For a grant of summary judgment to be fair, each party must have an opportunity to present its full argument on an issue. It is improper for a district court to rely on an issue raised for the first time in the movant's reply brief. Costello v. Grundon, 651 F.3d 614, 635 (7th Cir. 2011) (holding that a district court improperly granted summary judgment based on an argument not made until the reply brief); Edwards v. Honeywell, Inc., 960 F.2d 673 (7th Cir. 1992) (holding that a district court was precluded from granting summary judgment on grounds not raised in the motion for summary judgment). "The nonmovant is not required to present evidence on an issue not raised by the movant." See, e.g., Costello, 651 F.3d at 635 (citing Sublett v.
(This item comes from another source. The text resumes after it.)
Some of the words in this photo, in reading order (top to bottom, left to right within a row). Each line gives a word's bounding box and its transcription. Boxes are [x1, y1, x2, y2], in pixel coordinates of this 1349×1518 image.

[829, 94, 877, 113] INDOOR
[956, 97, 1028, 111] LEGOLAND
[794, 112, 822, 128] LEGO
John Wiley & Sons, Inc., 463 F.3d 731, 736 (7th Cir. 2006) ("[I]f the moving party does not raise an issue in support of its motion for summary judgment, the nonmoving party is not required to present evidence on that point, and the district court should not rely on that ground in its decision.")). However, if a nonmovant has had "meaningful opportunity to come forward with all of [his] evidence" on an issue, the court may rely on that ground in a summary judgment decision. Sublett, 463 F.3d at 736; see also Modrowski v. Pigatto, 712 F.3d 1166 (7th Cir. 2013) (finding that summary judgment was proper even though the defendants' original motion failed to recite the individual elements of the plaintiff's claims when the more general assertion that "there was a complete lack of proof concerning all of the essential elements" sufficiently gave the plaintiff notice of the scope of the defendant's motion). Furthermore, when a plaintiff's response indicates a clear understanding of the scope of the defendant's motion, the plaintiff is obligated to put forward evidence showing that a genuine issue of material fact exists. Mowdrowski, 712 F.3d at 1166. The Seventh Circuit has clearly stated that conclusory statements do not create a genuine issue of material fact. See Sublett, 463 F.3d at 731. When a non-movant has notice that an argument is being made and that he must present all of his evidence to the court, merely offering conclusory statements in a motion does not create a genuine issue of material fact and summary judgment is appropriate. Id.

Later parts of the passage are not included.